Starting point is the (homogeneous) Fredholm equation $(\lambda I - A)u=0$. Pairs $(\lambda_k, u_k)$ with $u_k\neq 0$ that solve this equation are known as eigenvalues and eigenvectors of $A$. Eigenvalues and eigenvectors are a very important concept in mathematics. Knowing the eigenvalues and eigenvectors of a linear operator tells you everything about its behavior. We would like to find such pairs of eigendata by using Arnoldi iterations. The next paragraphs present the necessary ideas and follow the presentation in [1] rather closely.
We are given a square matrix $A\in\mathbb{R}^{n,n}$ and we want to solve the Fredholm equation $(\lambda I - A)u=0$ from the previous paragraph. To this end let us first consider a set of linearly independent vectors $\left\lbrace e_i \right\rbrace_i$ with $e_i$ in $\mathbb{R}^n$ for all $i$. If we place these vectors $e_i$ as columns in a matrix $E$, then there exist coefficients $\alpha_i$ such that any vector $u$ in the space spanned by these vectors can be expressed as $u = E\alpha$. Here $\alpha$ is the vector that contains the coefficients $\alpha_i$. Plugging this expression for $u$ into $(\lambda I - A)u=0$ gives us $(\lambda I - A)E\alpha = 0$. We can also multiply the equation with $E^\top$ from the left on both sides and obtain the expression $E^\top(\lambda I - A)E\alpha = 0$. The latter can also be rewritten as $$ \left(\lambda I - (E^\top E)^{-1}E^\top A E\right)\alpha = 0\quad . $$ Arnoldi refers to the previous equation as reduced equation and to $(E^\top E)^{-1}E^\top A E$ as reduced matrix in his work [1]. Note that the reduced matrix can be much smaller than the original matrix $A$. Its size depends on how many linearly independent columns you have in your matrix $E$. Arnoldi continues by noting that it would be useful if the matrix $E^\top E$ was diagonal. In that case it is easy to compute the inverse. If $\left\langle e_i, e_j\right\rangle = 0$ whenever $i\neq j$ (i.e. the vectors $e_i$ are orthogonal to each other), then $E^\top E$ will indeed be diagonal and our previous equation becomes
$$ \left( \lambda I - \left( \frac{e_j^\top A e_i}{e_j^\top e_i} \right)_{i,j} \right) \alpha = 0\quad . $$
The eigenvalues and eigenvectors of $A$ will be extracted from the previous system. However, we first need to find a way to generate suitable linearly independent vectors. Unless we chose them properly, we do not gain anything from the previous transformations.
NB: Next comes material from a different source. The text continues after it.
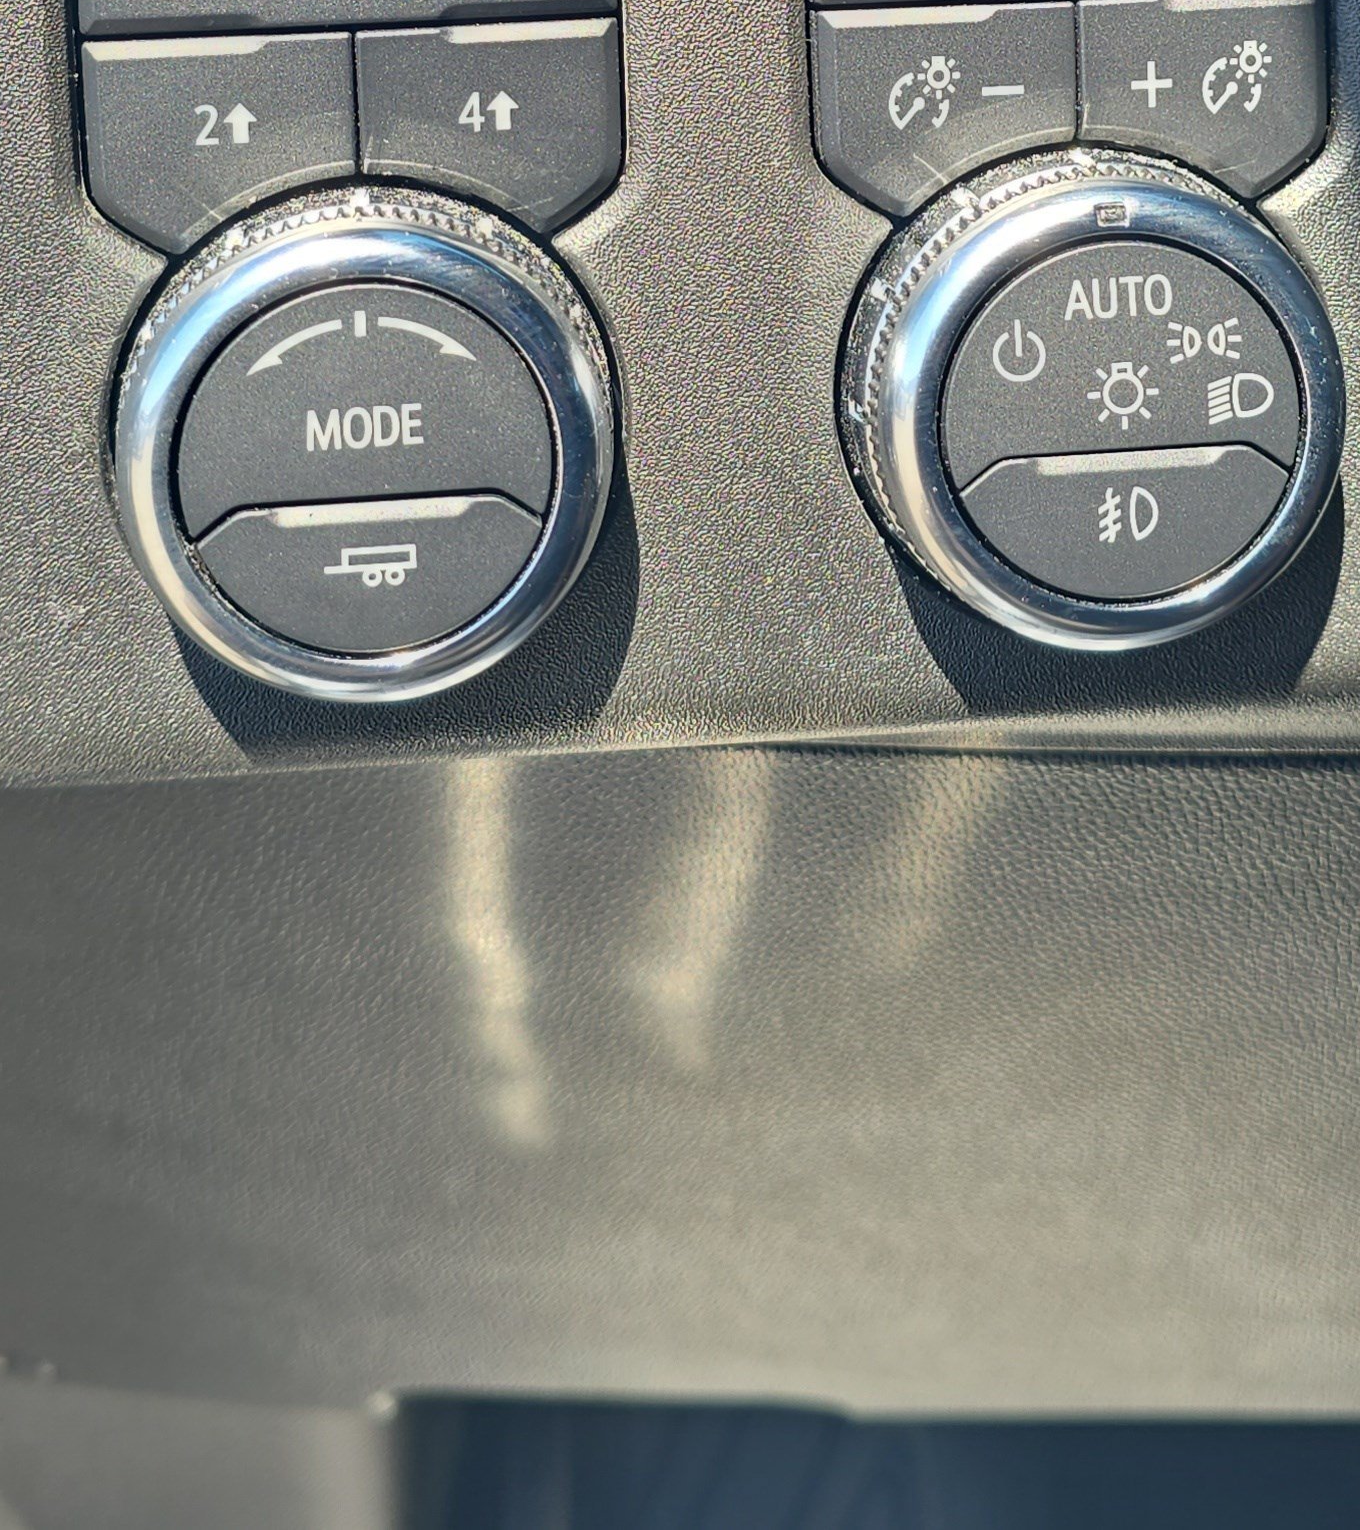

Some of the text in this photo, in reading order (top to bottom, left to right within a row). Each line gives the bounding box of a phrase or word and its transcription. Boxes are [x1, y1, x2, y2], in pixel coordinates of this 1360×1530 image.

[194, 104, 220, 146] 2
[459, 92, 485, 133] 4
[1063, 273, 1173, 321] AUTO
[306, 403, 425, 452] MODE
Arnoldi suggests the following iterative strategy to obtain the vectors $e_i$. This idea is also already present in the work of Lanczos [2]. Starting from a given vector $e_1\in\mathbb{R}^n$, we compute $$ e_{i+1} = A e_i - \sum_{k=0}^{i-1} \mu_{i,k} e_{i-k} $$ In order to determine the scalar coefficients $\mu_{i,k}$ we exploit our orthogonality requirement. If $e_1$ is given, we want to generate a vector $e_2$ orthogonal to $e_1$. Next we generate a vector $e_3$ orthogonal to both $e_1$ and $e_2$… Overall we get the following identities. $$\begin{align} e_{i}^\top e_{i+1} &= e_{i}^\top A e_{i} - \mu_{i,0} e_i^\top e_i = 0 \\ e_{i}^\top e_{i+2} &= e_{i}^\top A e_{i+1} - \mu_{i,1} e_i^\top e_i = 0 \\ e_{i}^\top e_{i+3} &= e_{i}^\top A e_{i+2} - \mu_{i,2} e_i^\top e_i = 0 \\ &\vdots \end{align}$$ Solving these equations for the coefficients $\mu_{i,k}$ is straightforward. We immediately get $$ \mu_{i,k} = \frac{e_i^\top A e_{i+k}}{e_i^\top e_i}\quad . $$ The two previous steps are commonly referred to as Arnoldi iteration in the literature, c.f. this Wikipedia article. If you compute all $n$ iterates (see below for why there cannot be more than $n$ iterates) then you have generated a matrix $E$ such thath $E^\top A E$ will be in Hessenberg shape. Actually this is quite nice, but you might wonder what you can do with that representation. Arnoldis paper actually goes further and shows how to extract the eigendata. Unfortunately that part is omitted in many textbooks.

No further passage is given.